If the pathway of cardiac alternans in the clinical arena has been a smoothly ascending line, explaining its precise cellular mechanisms has resulted in a more tortuous process, reflecting the complexity of the phenomenon.The ability to induce mechanical alternans by rapidly stimulating the heart was recognized early as an inherent ability of all mammalian ventricular muscles (reviewed in ref. 4). Initially, researchers relied on traditional whole heart physiology and explained cardiac alternans based on the Frank-Starling relationship, wherein a strong beat, by expelling more blood, leaves a small residual end-diastolic volume, in turn reducing force development in the next beat. During the weak beat, the end-systolic volume increases due to decreased ejection, leading to a greater end-diastolic volume and thus stronger force in the next beat. However, it was quickly realized that cardiac alternans were more complex than apparently straightforward load-force relationships, as papillary muscles displayed alternans when contracting under a constant load (isotonically) or length (isometrically). Since isometric contractions could be observed in isolated ventricular myocytes,5 too, it was therefore inferred that mechanisms intrinsic to the cardiac cell must account for the genesis of cardiac alternans. This conceptual framework was forged before the widespread use of intracellular Ca2+ imaging, and when Fura-2 and other fluorescent indicators irrupted in the scene, it became evident that the alternation in the force of contraction was mirrored with amazing faithfulness by alternations in the magnitude of the Ca2+ transient, or Ca2+ alternans (Ca-Alts). Now in the realm of sub-cellular mechanisms, Ca2+ alternans were first explained by a delay of Ca2+ transport from reuptake sites to release sites,5 but this idea has not gained traction as it has become increasingly evident that Ca2+ diffusion between these two compartments in a sarcomere is extremely fast.6 Instead, the availability of Ca2+in the release sites (through the work of SERCA2a), more than diffusion from reuptake sites, was favored as a likely explanation for Ca-Alts.7,8 We will discuss now new data indicating that this limitation, SR Ca2+ load, is unlikely to be the first critical factor in the generation of Ca-Alts and their progression to ventricular fibrillation.9
Since Ca-Alts may be detected in the absence of L-type Ca2+ current alternations and are abolished by ryanodine, there is compelling evidence that Ca-Alts are generated by SR behavior.10,11,12 With the focus squarely on this single organelle, the quest now is to delineate the hierarchical role of cardiac ryanodine receptors (RyR2) and the Ca2+-ATPase (SERCA2a) as molecular instigators of Ca-Alts. Thus, in historical terms, we are back to the former question, but with a molecular twist: is an intrinsic dysfunction of RyR2, or an alternating reduction of end-diastolic SR Ca2+ load (caused by an insufficient SERCA2a), that first intervenes to generate Ca-Alts?
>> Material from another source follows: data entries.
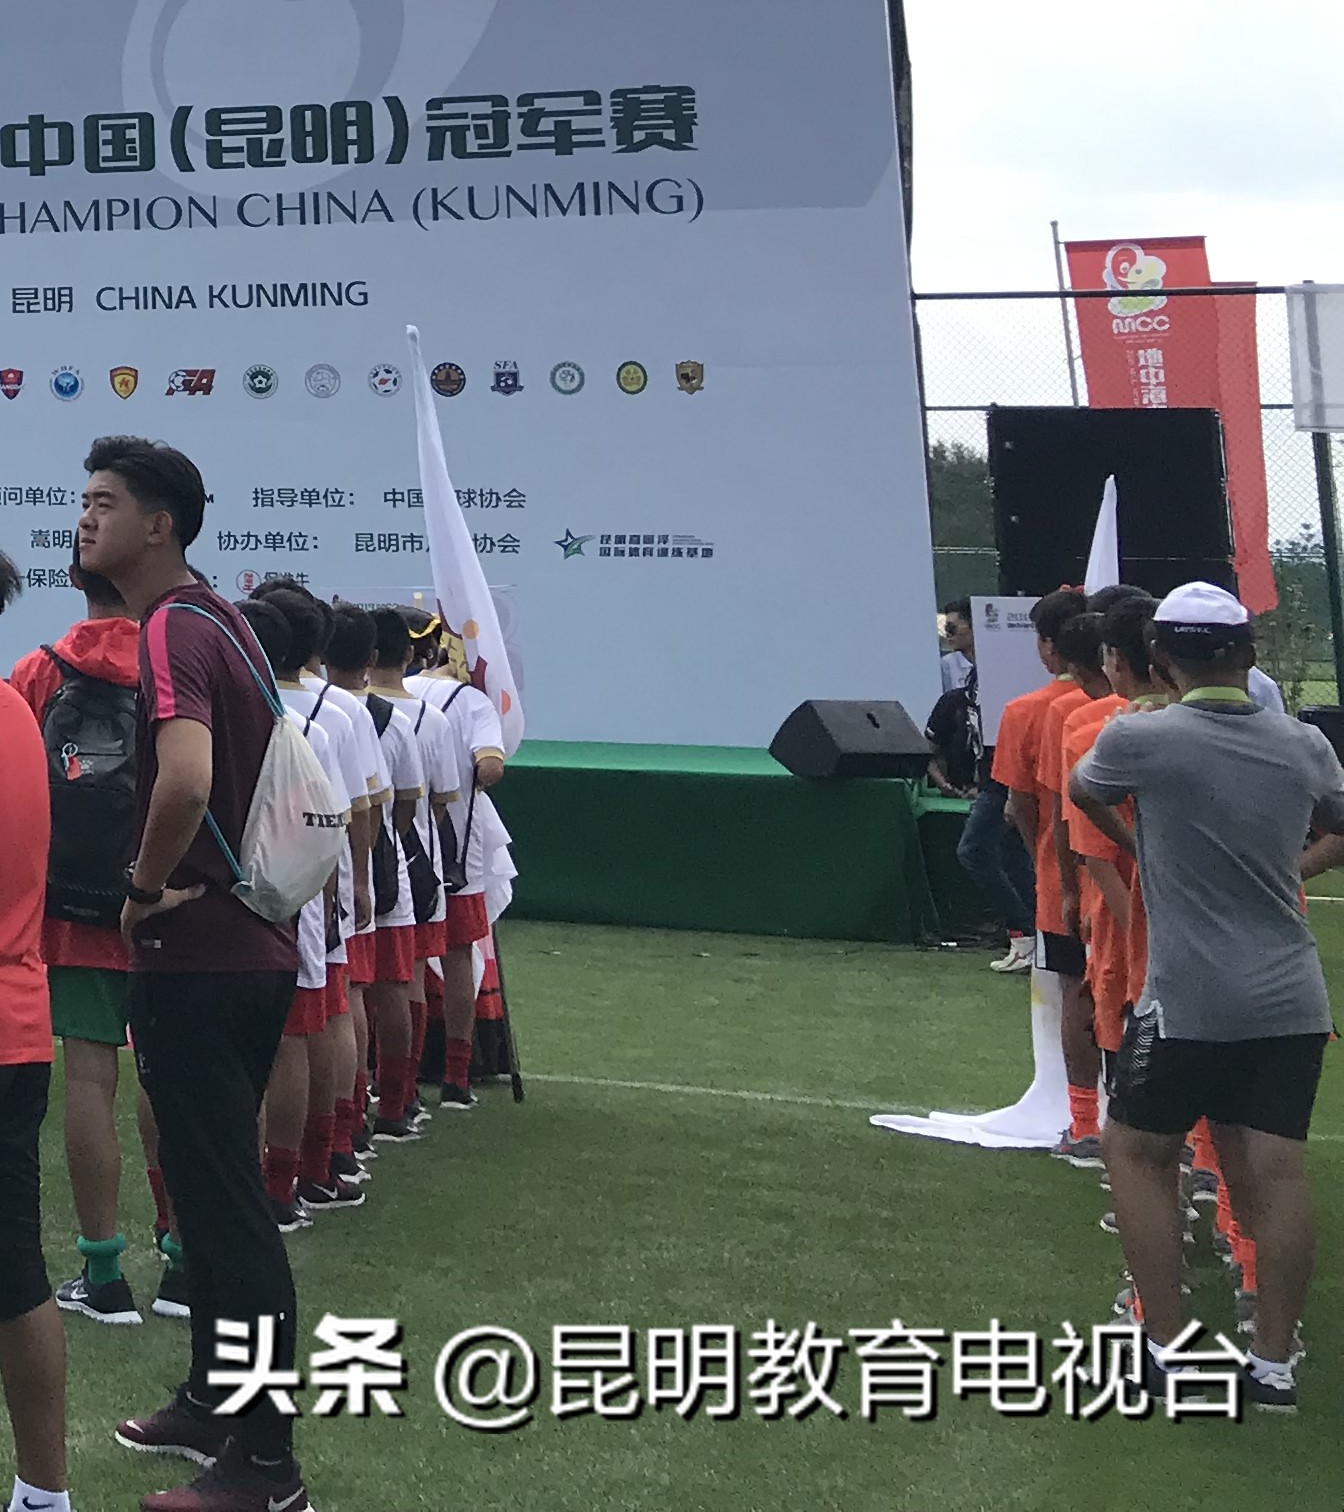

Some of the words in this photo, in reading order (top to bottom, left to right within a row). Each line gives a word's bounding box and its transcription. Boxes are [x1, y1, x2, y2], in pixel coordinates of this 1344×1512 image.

[237, 188, 394, 227] CHINA
[412, 177, 705, 232] (KUNMING)
[96, 285, 198, 311] CHINA
[209, 280, 369, 309] KUNMING
[1113, 316, 1171, 334] MCC
[252, 487, 355, 509] 指导单位：
[383, 488, 527, 510] 中国球协会
[217, 531, 319, 553] 协办单位：
[355, 532, 521, 554] 昆明市协会
This central problem is elegantly addressed by Wang et al.9 in the present issue of Circulation Research. Although studies with isolated ventricular cells may provide detailed examination of SR Ca2+ dynamics and RyR2 channel behavior, they are inherently incapable of providing the heterogeneity and complexity that sustains arrhythmogenic behavior such as spatially discordant alternans and other tissue-level phenomena. Thus, Wang et al.9 developed a novel and sophisticated dual optical mapping strategy that allowed them to simultaneously measure action potential (AP) and intra-SR Ca2+ ([Ca2+]SR)dynamics in epicardial layers of Langendorff-perfused intact rabbit hearts. Paired with electrocardiographic recordings, these technically challenging experiments stretched the physiological limitations of the system: hearts were pharmacologically immobilized to reduce the energetic demand and prevent motion artifacts, and loaded with fluorescent dyes that absorbed light in the same spectral range but that have emission wavelengths apart from each other (RH237 for membrane potential and Fluo-5N for intra-SR Ca2+). Because the authors used hearts free from pathological conditions that normally favor the spontaneous appearance of cardiac alternans, the latter had to be induced by rapidly stimulating the apex of the heart, which necessarily short-circuits its normal conduction pathway. Nevertheless, there is much to be learned even from this not entirely physiological system, as hearts were unencumbered from altered protein expression, post-translational modifications, electrical remodeling, etc that are inherent to cardiac pathologies and that complicate interpretation of the role of critical players of cardiac alternans.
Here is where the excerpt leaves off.